TASK GOAL
Emit the data below verbatim, stripping out any pictures.

DATA EXTRACT
******

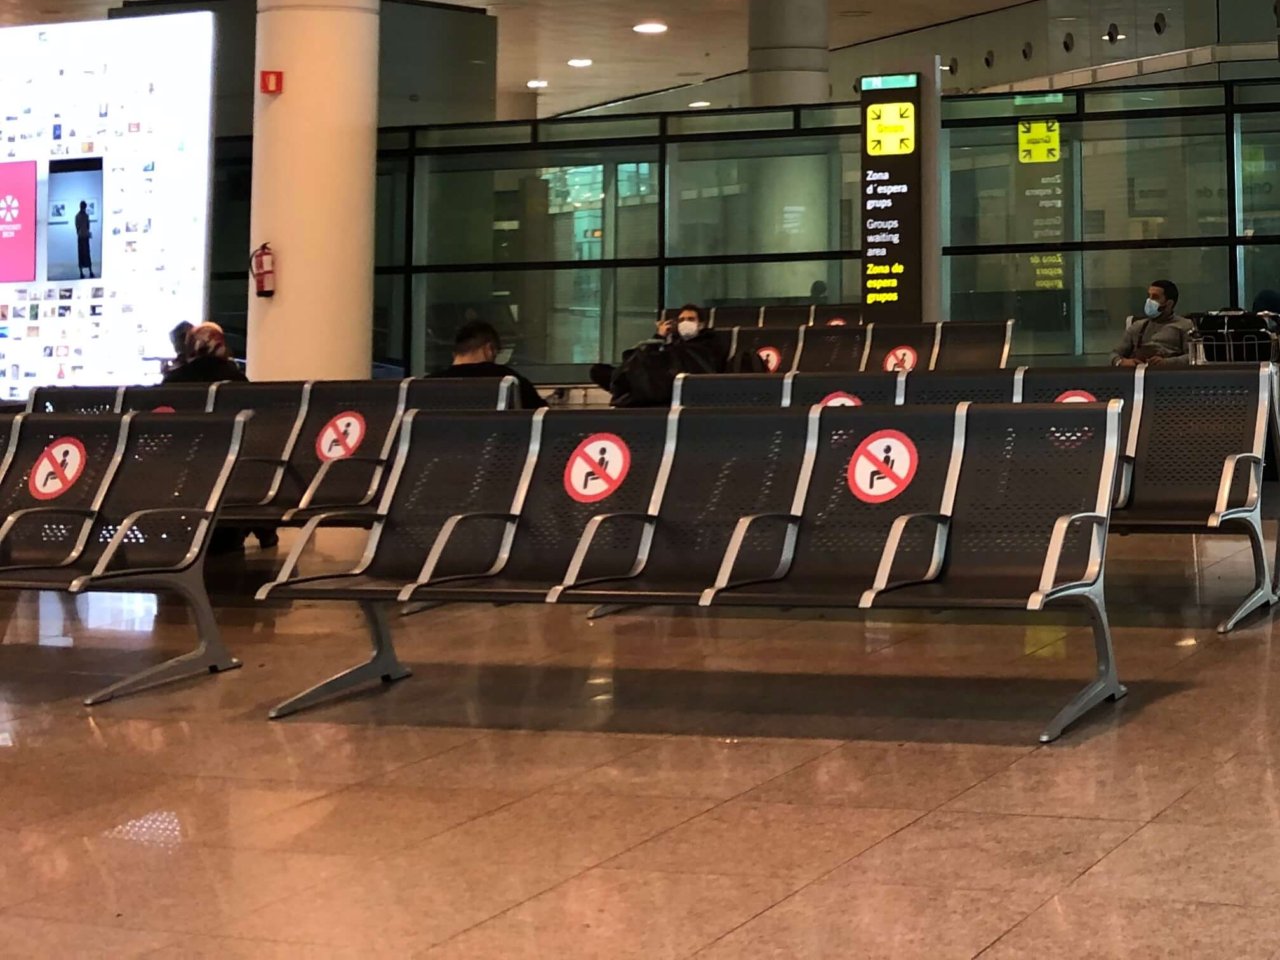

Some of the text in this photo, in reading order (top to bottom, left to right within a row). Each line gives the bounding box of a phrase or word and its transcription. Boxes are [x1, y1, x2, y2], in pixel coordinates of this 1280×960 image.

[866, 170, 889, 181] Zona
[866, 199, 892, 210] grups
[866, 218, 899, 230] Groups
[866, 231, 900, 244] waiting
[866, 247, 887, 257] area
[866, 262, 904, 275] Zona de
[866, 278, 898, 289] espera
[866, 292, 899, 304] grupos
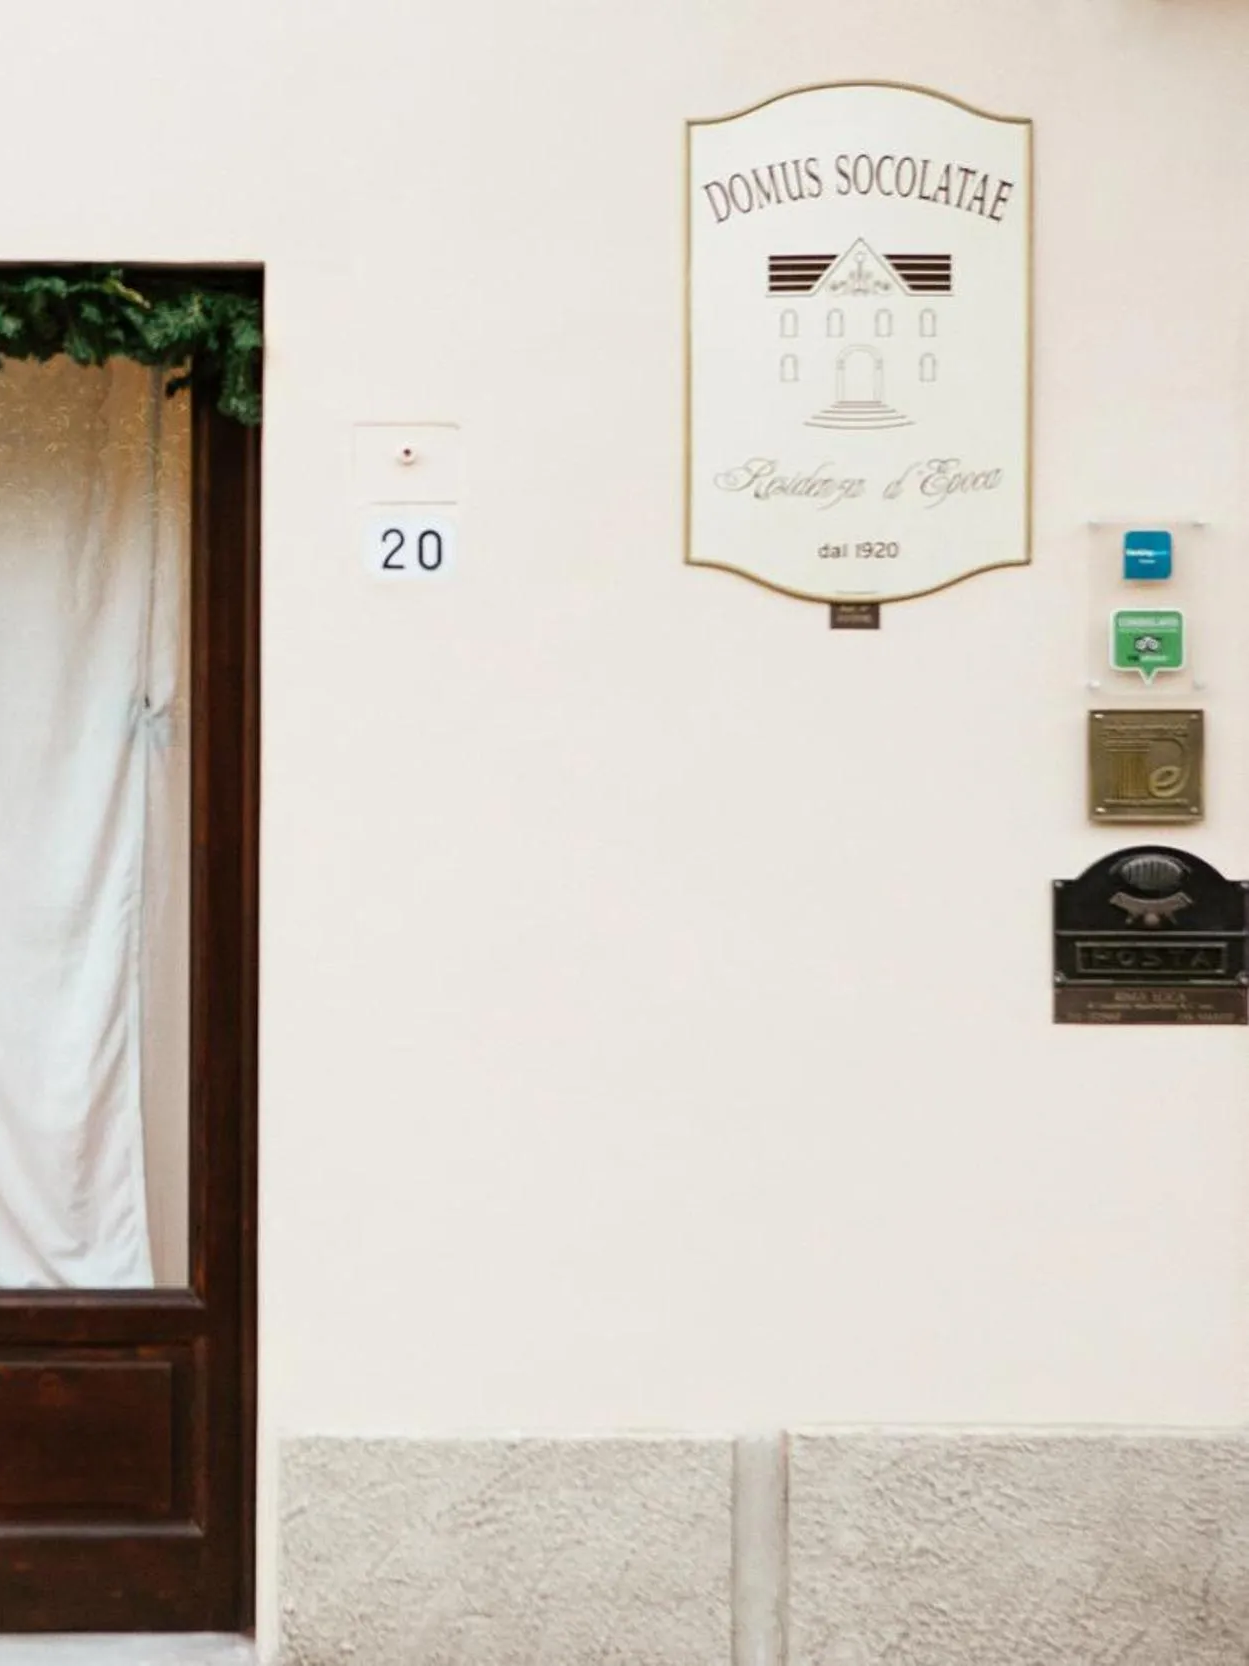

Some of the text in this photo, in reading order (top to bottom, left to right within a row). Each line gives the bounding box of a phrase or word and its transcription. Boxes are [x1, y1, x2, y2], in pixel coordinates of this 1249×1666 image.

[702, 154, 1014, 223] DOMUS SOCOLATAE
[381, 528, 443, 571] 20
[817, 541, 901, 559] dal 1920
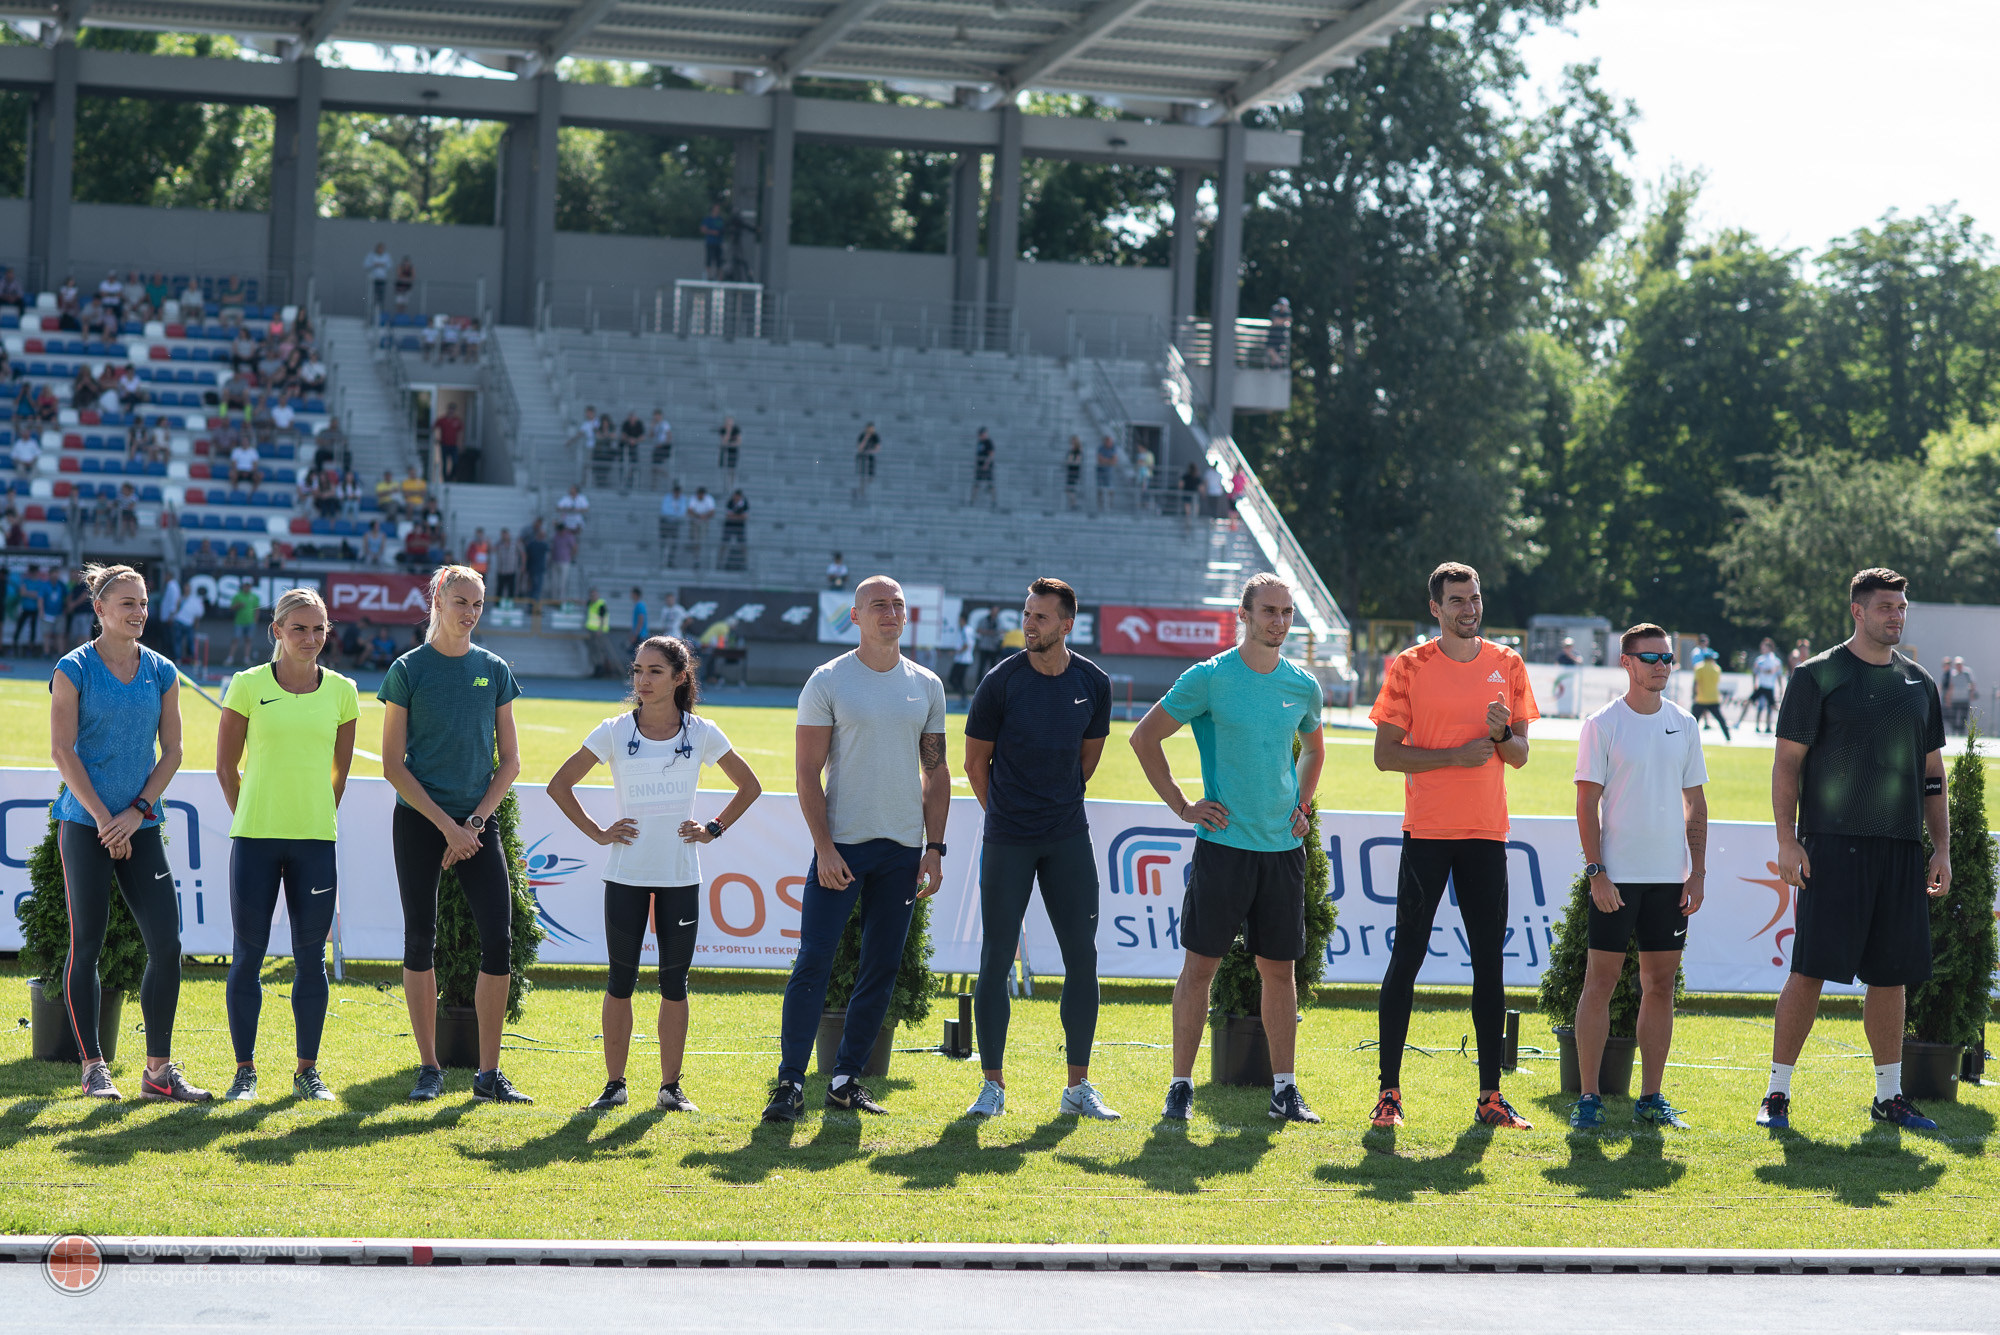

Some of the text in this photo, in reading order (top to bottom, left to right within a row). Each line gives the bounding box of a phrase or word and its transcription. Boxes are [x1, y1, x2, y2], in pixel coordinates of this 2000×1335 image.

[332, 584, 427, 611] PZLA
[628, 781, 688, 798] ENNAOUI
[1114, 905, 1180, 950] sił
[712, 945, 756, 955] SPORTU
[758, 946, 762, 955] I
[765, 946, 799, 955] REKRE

******

SOLUTION
Some of the text in this photo, in reading order (top to bottom, left to right within a row). Each line gives the bounding box of a phrase or word and its transcription. Boxes are [x1, y1, x2, y2], in pixel coordinates of this 1280×960 image.

[866, 170, 889, 181] Zona
[866, 199, 892, 210] grups
[866, 218, 899, 230] Groups
[866, 231, 900, 244] waiting
[866, 247, 887, 257] area
[866, 262, 904, 275] Zona de
[866, 278, 898, 289] espera
[866, 292, 899, 304] grupos

Some of the text in this photo, in reading order (top to bottom, left to right within a row). Each line gives the bounding box of a phrase or word and its transcription. Boxes are [x1, y1, x2, y2], in pixel coordinates of this 1249×1666 image.

[702, 154, 1014, 223] DOMUS SOCOLATAE
[381, 528, 443, 571] 20
[817, 541, 901, 559] dal 1920

Some of the text in this photo, in reading order (top to bottom, left to right within a row). Each line gives the bounding box of a phrase or word and its transcription. Boxes are [x1, y1, x2, y2], in pixel coordinates of this 2000×1335 image.

[332, 584, 427, 611] PZLA
[628, 781, 688, 798] ENNAOUI
[1114, 905, 1180, 950] sił
[712, 945, 756, 955] SPORTU
[758, 946, 762, 955] I
[765, 946, 799, 955] REKRE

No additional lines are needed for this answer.